It seems that the threshold of "Post-expand include size" comes from the setting of "$wgMaxArticleSize". It is too difficult for me to know the origin of its default value (2MB), and it is very important for DDoS defense, but considering T15260, quoted from Template limits
Note that the sizes of the wikitexts of all expanded templates and parser functions are added, even in the case of nesting (see bugzilla 13260,or phab:T15260), so extra levels increase the count. If page A transcludes B and B does nothing but transclude C, then the size of C will be counted twice towards the post-expand include size on page A...

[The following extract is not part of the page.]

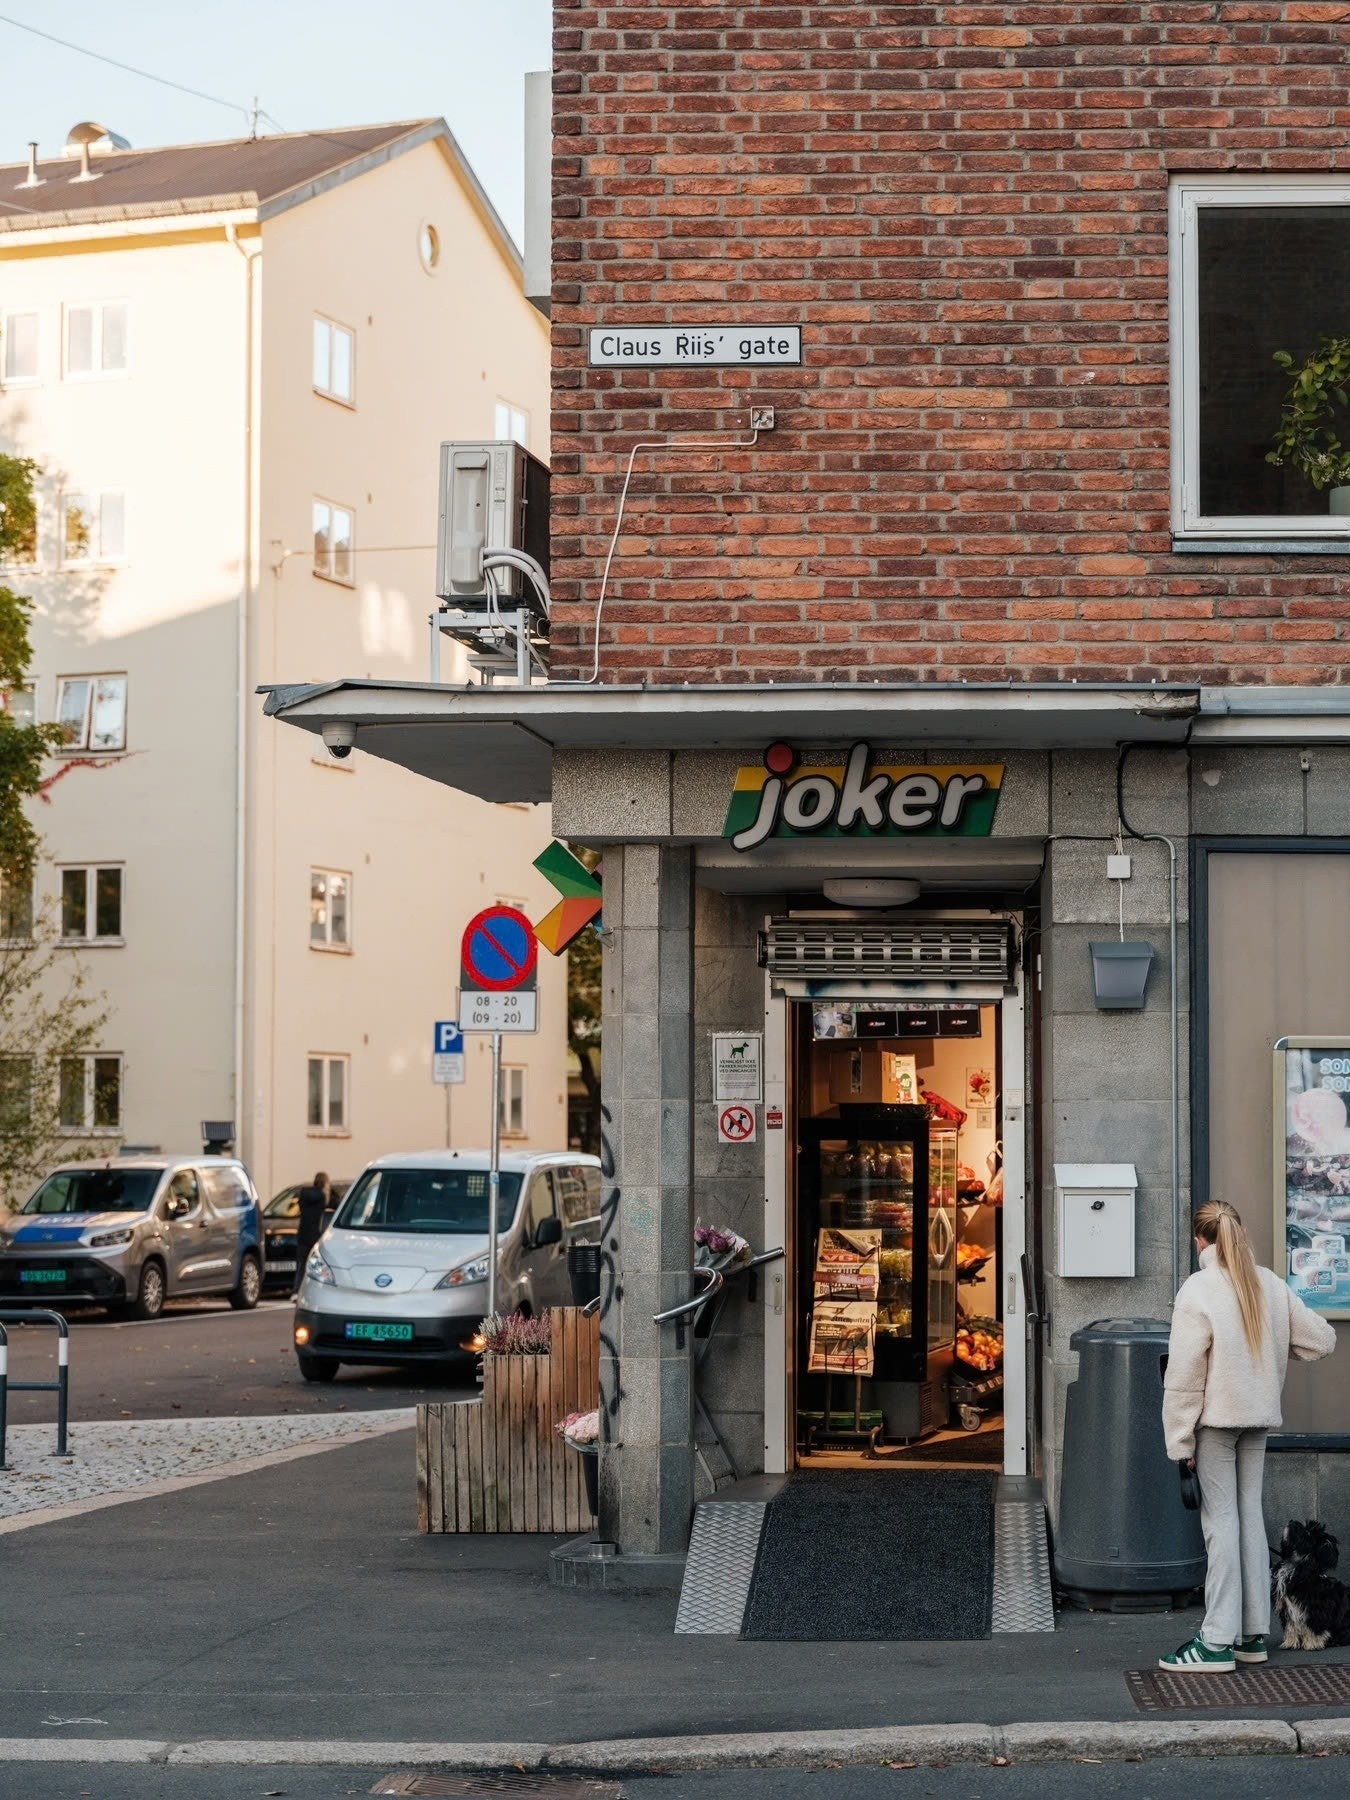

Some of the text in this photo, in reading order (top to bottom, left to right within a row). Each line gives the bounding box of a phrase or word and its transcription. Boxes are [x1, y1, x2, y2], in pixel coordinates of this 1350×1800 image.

The "Post-expand include size" is twice as many bytes as the source code should actually be after expansion, which seems to be a common phenomenon and is beyond the strength needed to defend against DDoS.
Take zhwiki (the wiki project I work on) as an example:
- In T228716#6802694, ' https://zh.wikipedia.org/wiki/Template:Internal_link_helper/en ' is a warpper with specific language parameters of ‘ https://zh.wikipedia.org/wiki/Template:Internal_link_helper ’, and 'https://zh.wikipedia.org/wiki/Module:Ilh' is implement of 'Template:Internal_link_helper', which I wrote it for improve. The Post-expand include size of the call to "Template:Internal_link_helper/en"( https://zh.wikipedia.org/w/index.php?title=Wikipedia:%E6%B2%99%E7%9B%92&oldid=70073778, 1137 bytes ) are almost twice as large as the count of "Template:Internal_link_helper"( https://zh.wikipedia.org/w/index.php?title=Wikipedia:%E6%B2%99%E7%9B%92&oldid=70073794, 762 bytes ), and the actual count of expand include size ( put the code of the first call into "Special:ExpandTemplates" and directly calculate the bytes of "Result", 375 bytes ) is also almost twice as large as the count of "Template:Internal_link_helper". This looks like serious puffiness.
- The other is Navbox. The use of {{Navbox}} often contains multiple {{Navbox}} as child elements. I additionally reimplemented as {{NavboxV2}} to flatten the behavior of embedding the child {{Navbox}}s into the main {{Navbox}}. According to the test case (mainly for, the child {{Navbox}}s is nested into the main {{Navbox}} ), it can indeed reduce the Post-expand include size by about 50%~60%.
Defending against attacks by limiting input is important, but the side effects of T15260 also appear to be more than expected. So I strongly recommend decoupling the "Post-expand include size" threshold setting from "$wgMaxArticleSize" and assuming that due to the presence of T15260, the "Post-expand include size" will be twice as large as the original code (default value 4MB, which is twice the default value of "$wgMaxArticleSize"), or allow custom settings without affecting the effect of "$wgMaxArticleSize".
BTW, I also hope that someone can continue the investigation of T15260, why is it twice, and where is the problem? I've heard that the foundation's back-up funds are abundant, and I hope these funds can be spent in more appropriate places.